» Supplied records
_____
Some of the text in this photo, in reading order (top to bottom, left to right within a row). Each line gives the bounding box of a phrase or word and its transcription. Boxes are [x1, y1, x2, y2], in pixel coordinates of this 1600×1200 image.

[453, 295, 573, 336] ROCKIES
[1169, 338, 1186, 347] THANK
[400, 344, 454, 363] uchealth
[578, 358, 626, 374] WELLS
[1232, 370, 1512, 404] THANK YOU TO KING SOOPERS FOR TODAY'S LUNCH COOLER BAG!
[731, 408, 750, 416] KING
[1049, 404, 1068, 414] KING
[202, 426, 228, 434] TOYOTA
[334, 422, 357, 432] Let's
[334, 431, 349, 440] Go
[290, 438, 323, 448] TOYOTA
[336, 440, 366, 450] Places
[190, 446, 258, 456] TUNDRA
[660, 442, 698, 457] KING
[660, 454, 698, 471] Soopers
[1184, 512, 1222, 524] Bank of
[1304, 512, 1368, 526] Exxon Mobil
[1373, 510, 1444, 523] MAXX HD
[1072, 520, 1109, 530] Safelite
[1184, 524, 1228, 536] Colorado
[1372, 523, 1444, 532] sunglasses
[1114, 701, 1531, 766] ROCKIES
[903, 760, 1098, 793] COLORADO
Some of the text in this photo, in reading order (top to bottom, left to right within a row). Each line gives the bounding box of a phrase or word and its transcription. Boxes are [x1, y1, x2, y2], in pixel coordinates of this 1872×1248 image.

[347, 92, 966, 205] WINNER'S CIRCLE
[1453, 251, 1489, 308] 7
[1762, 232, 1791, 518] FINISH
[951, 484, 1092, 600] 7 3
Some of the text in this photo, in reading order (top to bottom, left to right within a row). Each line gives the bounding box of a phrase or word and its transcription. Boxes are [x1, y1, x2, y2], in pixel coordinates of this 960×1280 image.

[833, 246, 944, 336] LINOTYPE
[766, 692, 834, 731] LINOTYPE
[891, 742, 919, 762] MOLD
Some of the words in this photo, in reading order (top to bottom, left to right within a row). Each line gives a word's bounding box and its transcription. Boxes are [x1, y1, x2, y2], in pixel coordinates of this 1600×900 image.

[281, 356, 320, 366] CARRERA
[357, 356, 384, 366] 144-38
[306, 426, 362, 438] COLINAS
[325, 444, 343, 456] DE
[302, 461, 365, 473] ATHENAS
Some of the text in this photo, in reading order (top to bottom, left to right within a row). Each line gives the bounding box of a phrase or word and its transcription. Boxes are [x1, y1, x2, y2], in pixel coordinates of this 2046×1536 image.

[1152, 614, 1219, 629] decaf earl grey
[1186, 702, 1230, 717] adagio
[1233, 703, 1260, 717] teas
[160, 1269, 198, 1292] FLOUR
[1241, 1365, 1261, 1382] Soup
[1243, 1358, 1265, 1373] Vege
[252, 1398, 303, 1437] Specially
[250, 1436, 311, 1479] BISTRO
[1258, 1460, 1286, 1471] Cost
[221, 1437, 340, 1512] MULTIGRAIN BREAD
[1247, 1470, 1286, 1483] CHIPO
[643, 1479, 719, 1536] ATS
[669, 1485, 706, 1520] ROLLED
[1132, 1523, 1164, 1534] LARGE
_____
» What to work on
Output exactly what runs from the line with "Some of the words" to the final line above, both lines included, and nothing else.

» Exercise response
Some of the words in this photo, in reading order (top to bottom, left to right within a row). Each line gives a word's bounding box and its transcription. Boxes are [x1, y1, x2, y2], in pixel coordinates of this 1600×900 image.

[281, 356, 320, 366] CARRERA
[357, 356, 384, 366] 144-38
[306, 426, 362, 438] COLINAS
[325, 444, 343, 456] DE
[302, 461, 365, 473] ATHENAS
Some of the text in this photo, in reading order (top to bottom, left to right within a row). Each line gives the bounding box of a phrase or word and its transcription. Boxes are [x1, y1, x2, y2], in pixel coordinates of this 2046×1536 image.

[1152, 614, 1219, 629] decaf earl grey
[1186, 702, 1230, 717] adagio
[1233, 703, 1260, 717] teas
[160, 1269, 198, 1292] FLOUR
[1241, 1365, 1261, 1382] Soup
[1243, 1358, 1265, 1373] Vege
[252, 1398, 303, 1437] Specially
[250, 1436, 311, 1479] BISTRO
[1258, 1460, 1286, 1471] Cost
[221, 1437, 340, 1512] MULTIGRAIN BREAD
[1247, 1470, 1286, 1483] CHIPO
[643, 1479, 719, 1536] ATS
[669, 1485, 706, 1520] ROLLED
[1132, 1523, 1164, 1534] LARGE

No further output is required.